# <a id='0'>ESPAÑA y sus FUENTES de ENERGÍA</h1>
![FuentesEnergia](
img_energia.webp)

## *ÍNDICE:* 
---
- [ 1. ANÁLISIS EXPLORATORIO DE DATOS (EDA):](#1)
    - [1.1. Hipótesis](#11)
    - [1.2. Acondicionamiento bases de datos](#12)
    - [1.3. Análisis visual](#13)
    - [1.4. Análisis estadístico](#14)
- [2. CONCLUSIONES](#2)
---

### *Contacto:*
___
* Email: ***carla.glezz@gmail.com***
* Linkedin: ***https://www.linkedin.com/in/mariacarlagonzalezgonzalez/***
---

 
# **1. Análisis Exploratio de Datos (EDA)**<a id='1'></a>

##  **1.1. Hipótesis**<a id='11'></a>

### **¿Energía a invertir en España?** 🤔

1. **¿Progresión de las distintas fuentes de energía en España en los últimos años?** 
    * Hipótesis: previsiblemente hay un aumento en renovables
    * ¿Energía o energías que más generan? 


2. **¿Autoabastecimiento?**
    * ¿Coinciden la energía que consume España con la que genera?
        + Excedente podría indicar la exportación y un deficit la importación. 
        + Otra posibilidad es falta de datos en alguno de los resultados. 
        (Se está trabajando en el almacenaje de energía pero de momento no es una tecnología en uso)
    * En función de la demanda/consumo anual de energía en España, ¿cuánto faltaría para autoabastecerse?    


3. **¿Eficiencia vs efectos adversos?** (elegiendo 2 de las energías con mayor probabilidad de ser nuestra elección final)
    * ¿Se puede encontrar un equilibrio? ¿Cómo nos afecta?
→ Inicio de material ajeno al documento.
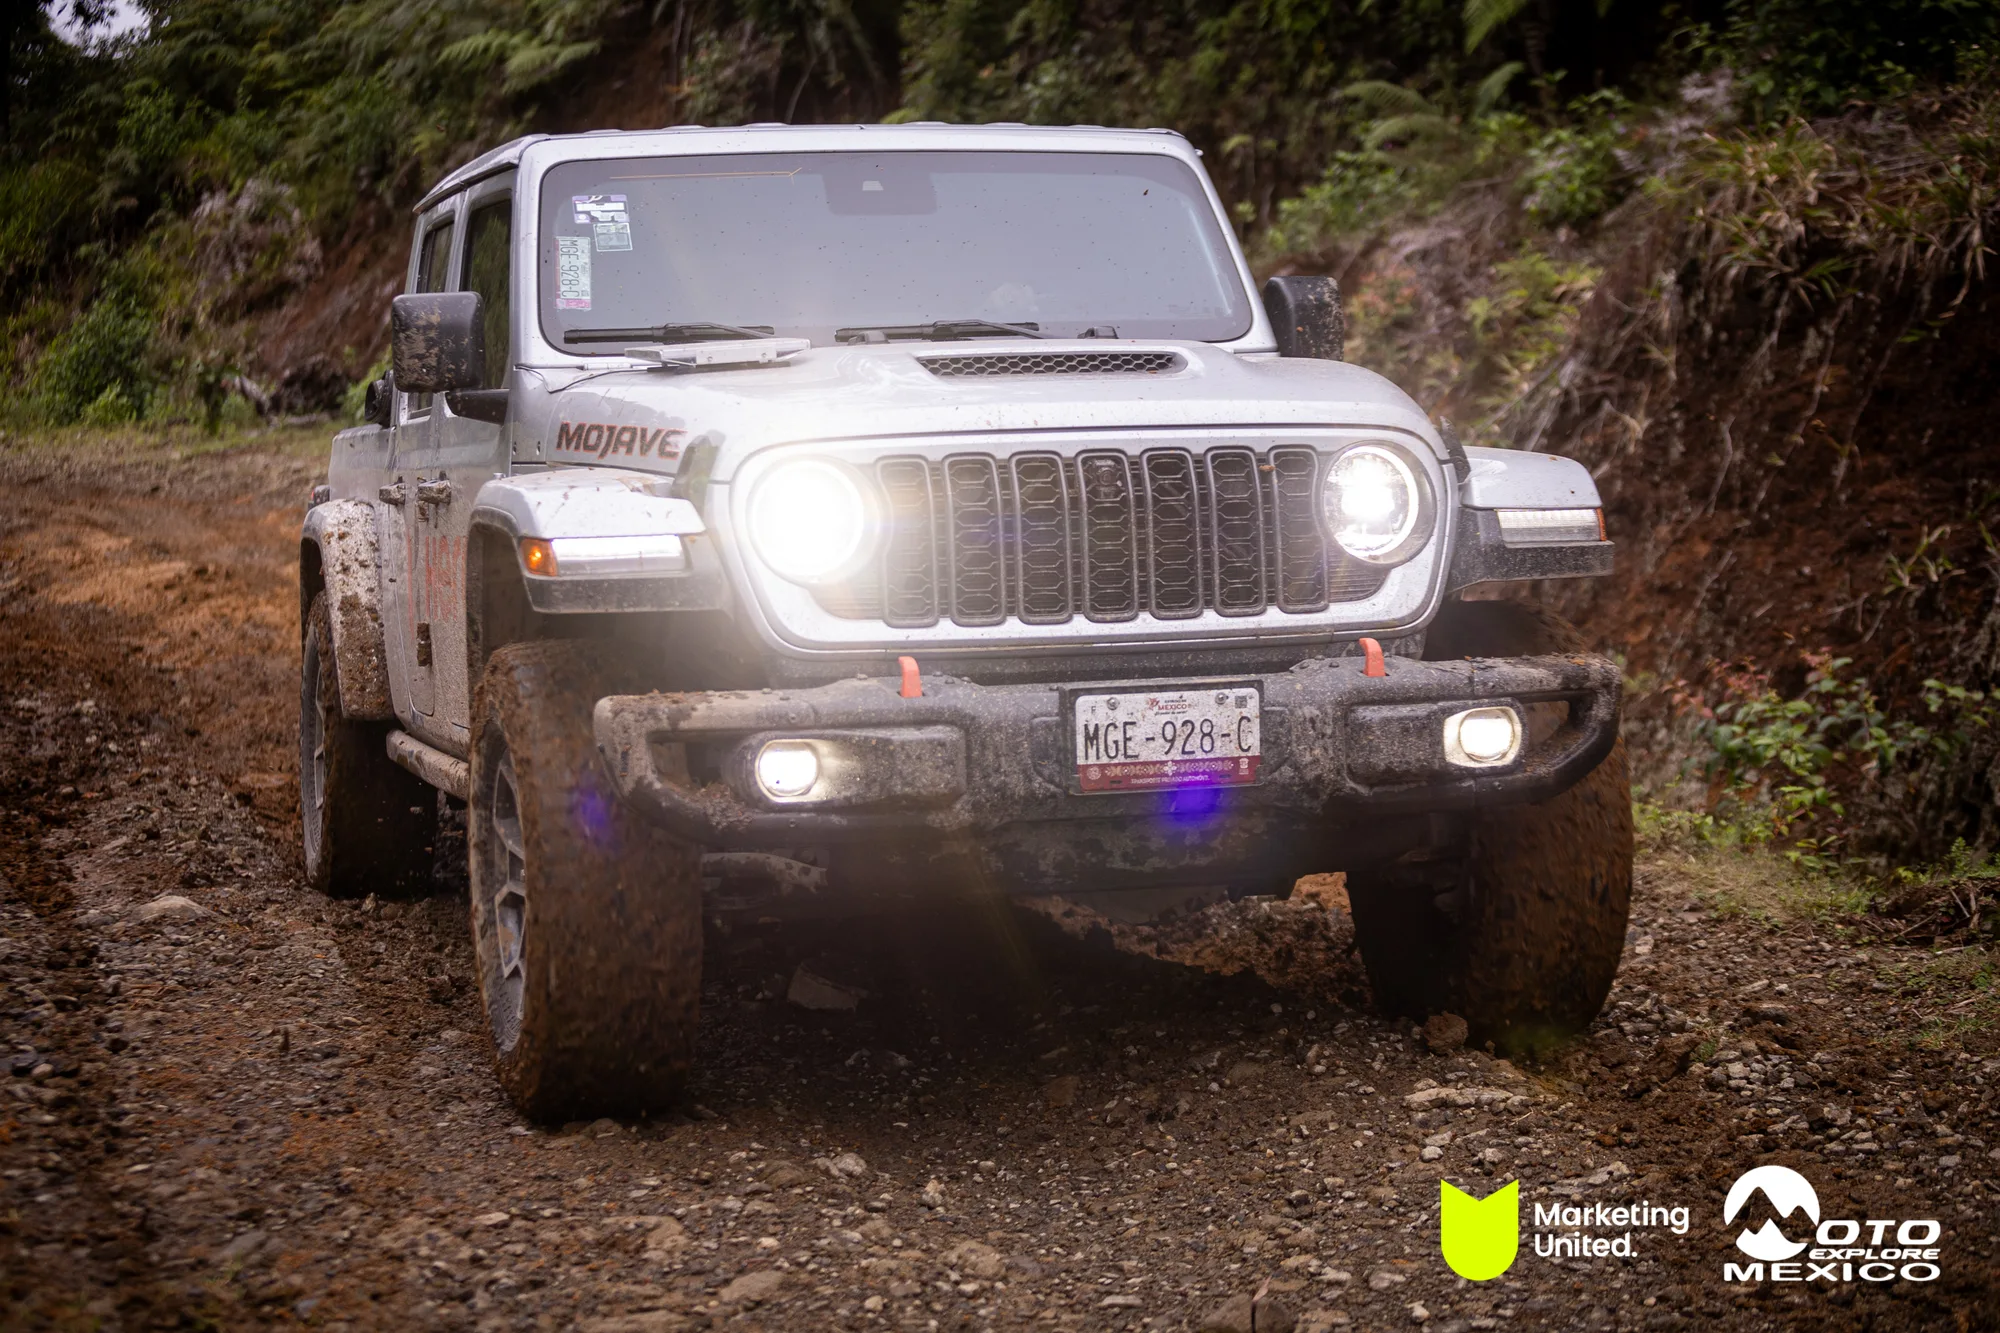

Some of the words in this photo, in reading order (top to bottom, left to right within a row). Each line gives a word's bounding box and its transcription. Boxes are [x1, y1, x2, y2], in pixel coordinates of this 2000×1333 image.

[560, 239, 580, 298] MGE-928-C
[556, 421, 687, 460] MOJAVE
[1084, 716, 1252, 761] MGE-928-C
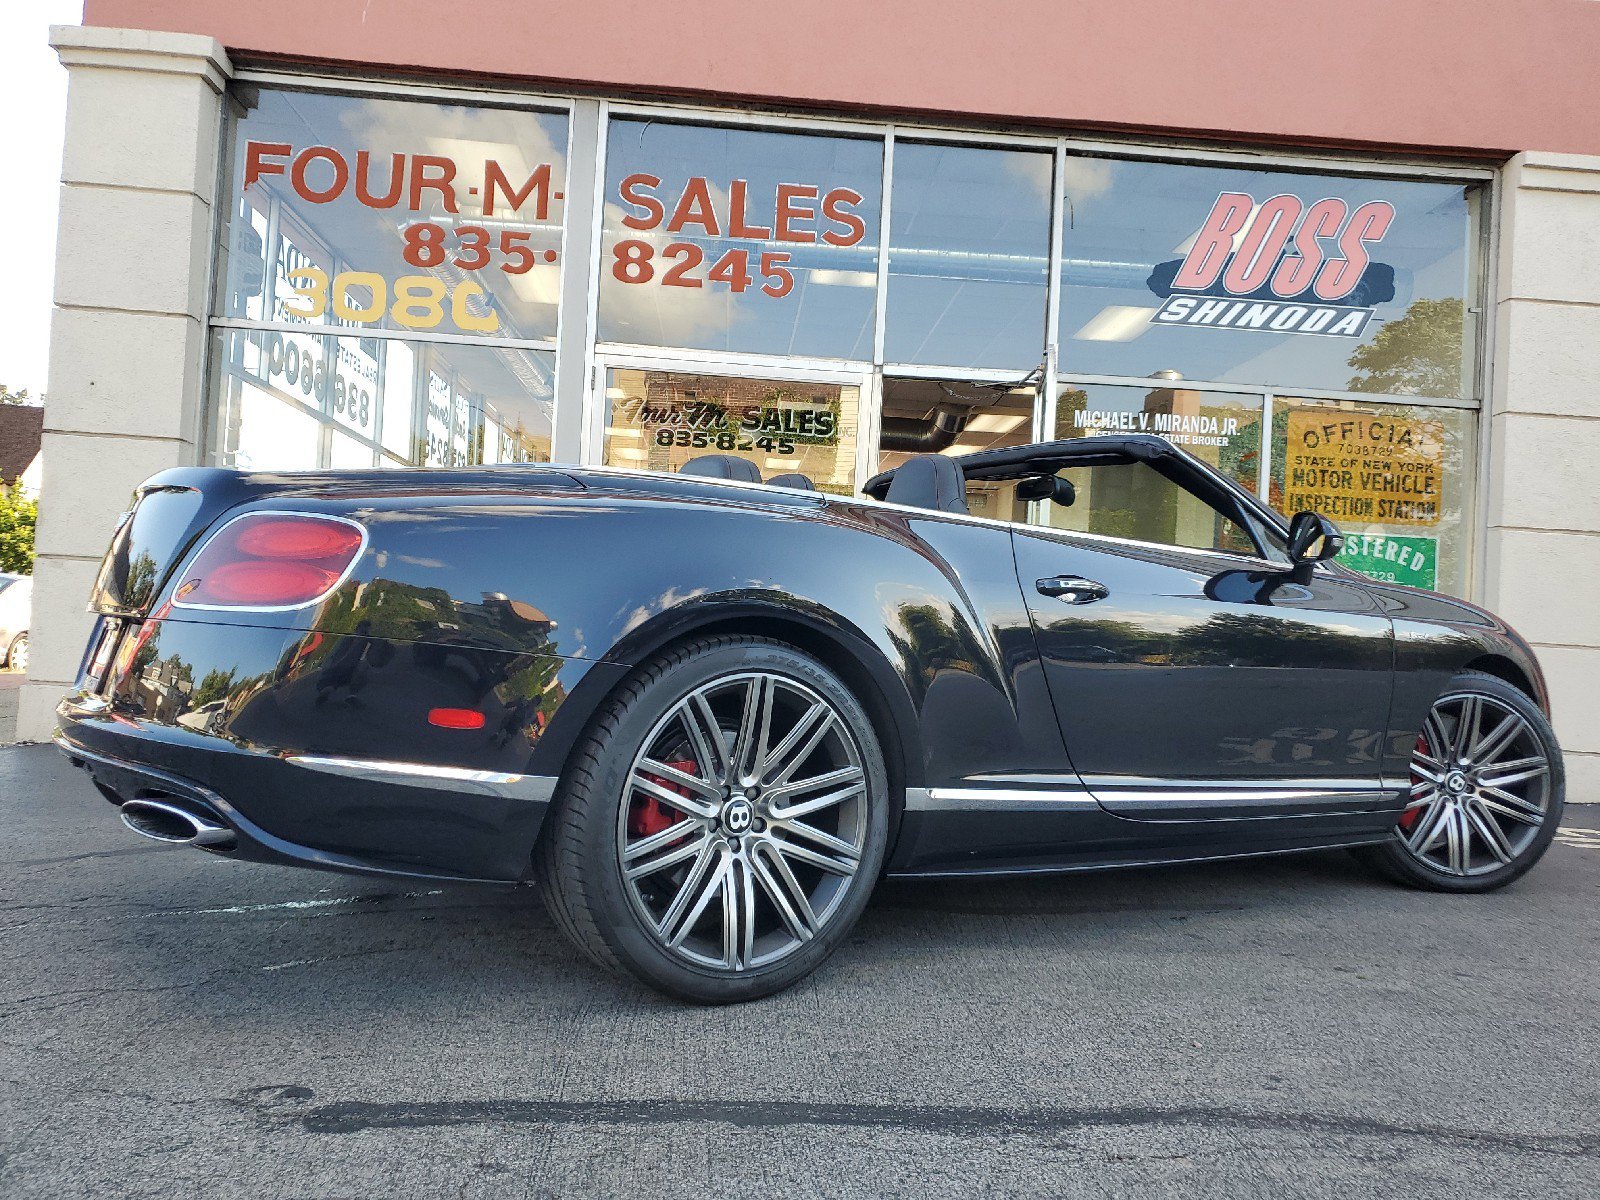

4. **¿Influencia del clima?**
    * Es previsible que sea afirmativa la respuesta, sobretodo en renovables.
        + Los datos son una muestra, es necesario verificar que es suficiente y representativa de la población. 
    * ¿Se considera significativa esta influencia? 
        + Es posible que halla otros factores más significativos, como pueden ser la potencia instalada, la tecnología empleada,etc.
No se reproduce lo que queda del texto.